Sunday, January 29, 2017

Beer and football VII — playoffs, week three
AFC Championship

The game: Steelers at Patriots
The beer: Flying Dreams Nightcrawler Dark Ale
The result: Win, 36–17
The commentary: The "watch live" plan didn't quite work out. And I think we read The Gift of Nothing, having borrowed it from Steeler defensive coordinator Keith Butler. "Coach, Brady is picking us apart. This zone shit isn't working. What adjustments can we make?" "Nothing!" "Really? There isn't anything we should change up?" "Nothing!" "Yesh!"
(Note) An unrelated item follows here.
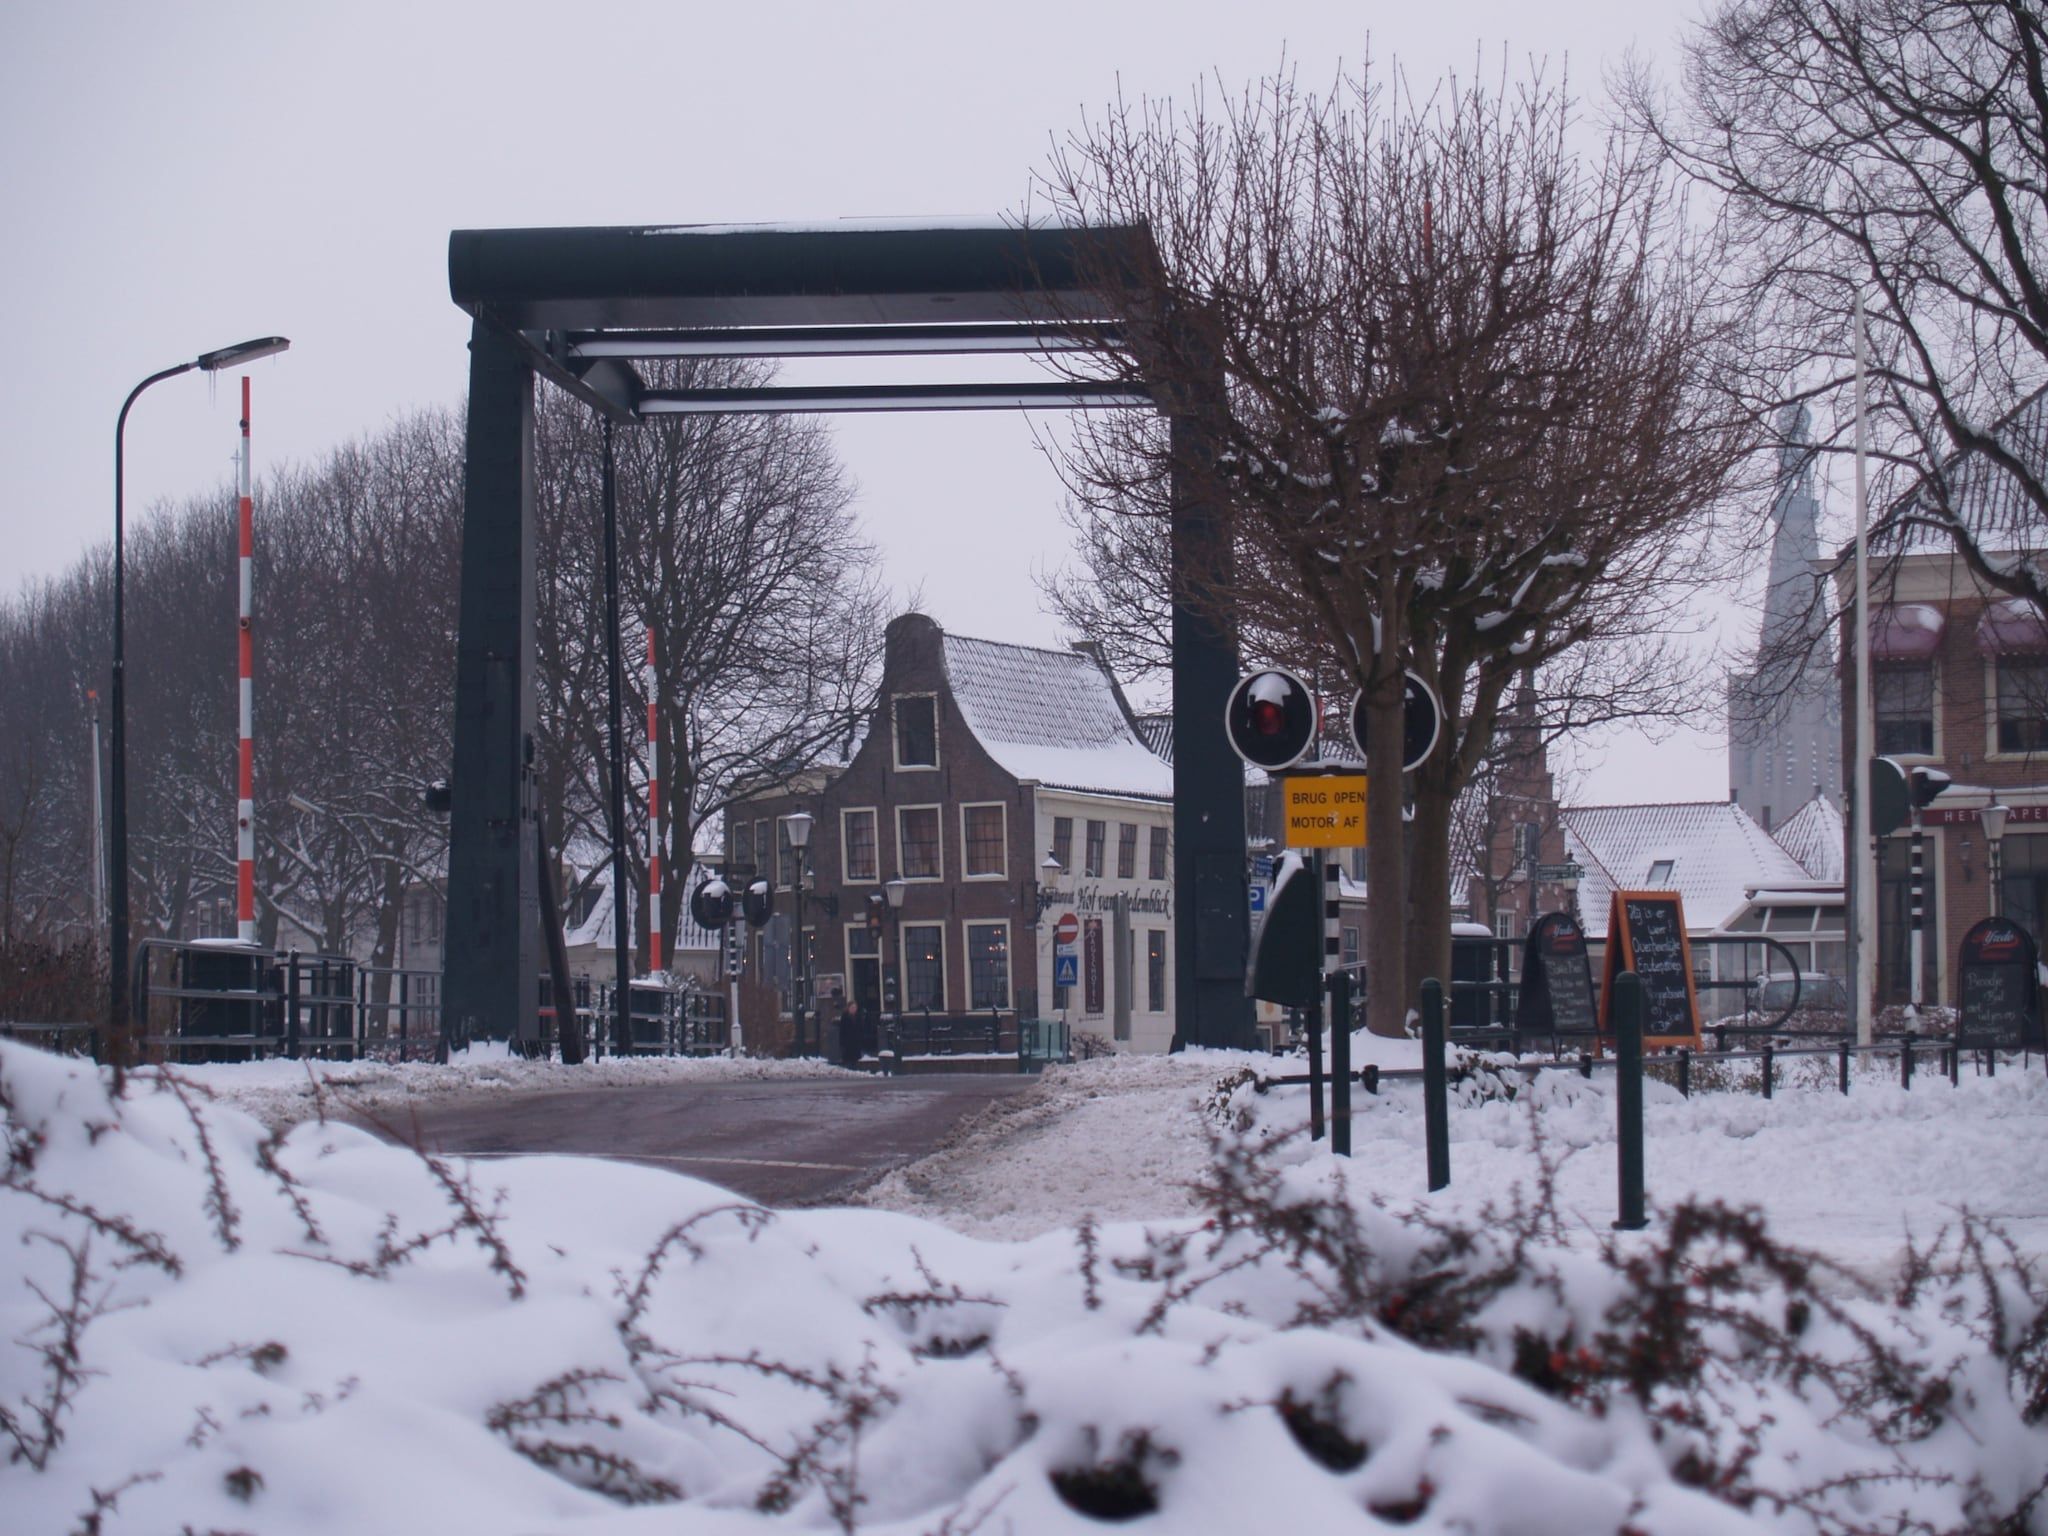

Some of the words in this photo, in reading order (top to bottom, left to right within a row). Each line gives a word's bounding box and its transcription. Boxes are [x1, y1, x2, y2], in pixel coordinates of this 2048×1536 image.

In between over-earnest reminders from local media that "this is special" and how we're "lucky and should appreciate" this unprecedented run of success—it is and I am—confidence levels were hard to judge. In general there wasn't so much of a buzz going into the AFC Championship, which maybe indicates that people weren't worried. I was to some extent for three obvious reasons: Brown, Bell and Roethlisberger, in that order, and then Bell went down, Pats cornerback Eric Rowe knocked every pass to the ground was bailed out by bad drops and Chris Hogan's breakout furthered the narrative of inept chaos in Buffalo—at least the Dolphins got a second-rounder for Wes Welker—as Tom Brady, lo, outplayed even his best. I await the internet's hot takes.

So it's on to Houston again. The parallels to XXXVIII are eerie but I'll not get too hung up on that before wondering if Justin Timberlake, Janet Jackson and Ricky Proehl will be snuggled under a blanket eating pizza somewhere. I also can't wait for media members in attendance to complain about the sprawl. You can set your watch to that shit. Anything can happen outside of that, though I expect something along the lines of XXXIX against the Eagles, with the Pats outplaying the Falcons for most of the game and a final score closer than it should have been. More expert analysis next week!

One post-Christmas mystery finally solved: Late last month we received a giant box from A's sister and her family. It was addressed to G. and reeked of bad taste, for the unwrapped box presented "Mēbo: Your robotic alter ego!" What in the worldwide fuck? They picked this out for her? Or re-gifted it? Didn't they see my RadioShack think piece? Also, it clearly reads "ages 8+" right on the front of the box (darling monkey is five). Is "Cyberdyne" in smaller text somewhere? What were they thinking?? Upon breaking the bad news to G. that she would not be keeping this (her wonderful response: "You never let me play with robots!"), researching where I could possibly try to exchange it (Toys R Us, of course) and wondering how we were going to break it to A's sister that we were doing so, reason triumphed and A. peeked into the box that was, all told, just a box. I don't even remember what it held but we won't be responsible for AI wars and resulting nuclear annihilation. Trump will beat all to it anyway.

Lastly, and quite by coincidence, I finished another one-thousand-piece puzzle leading up to a Super Bowl. Two years ago it was a Winter wonderland of sorts and this time, since there is less snow (global warming hoax alert!) and more books in my life, it was a library of madness where everything looked the same. ("World of Words" my ass, this was a world of railings and beams.) I knocked it off in two weeks instead of three like last time, somehow, but I did have help. No, not A., who fully avoided this round. Twas G. picked up the slack and then some, helping me complete the border (and, indeed, connecting the first several pieces) before moving on to the left-hand bookshelf, the hobby horse and the rug. From there? Jesus Christ, everything did look the same. Over the course of a couple of Falcons games (wish I'd paid more attention) and into some wee hours I determined to fill in the couch and expand from there. G. focused on locating both pieces of the mouse at the upper left and she didn't even break a sweat. She's a natural talent and I look forward to doing puzzle after puzzle with her over the years, whether or not the Pats are in the Super Bowl. She'll grow bored of it one day but she'll be back.

Up next: The Falcons dump Gatorade over Dan Quinn's head every day of the bye week in the ultimate demonstration of "just happy to be here." Cheers!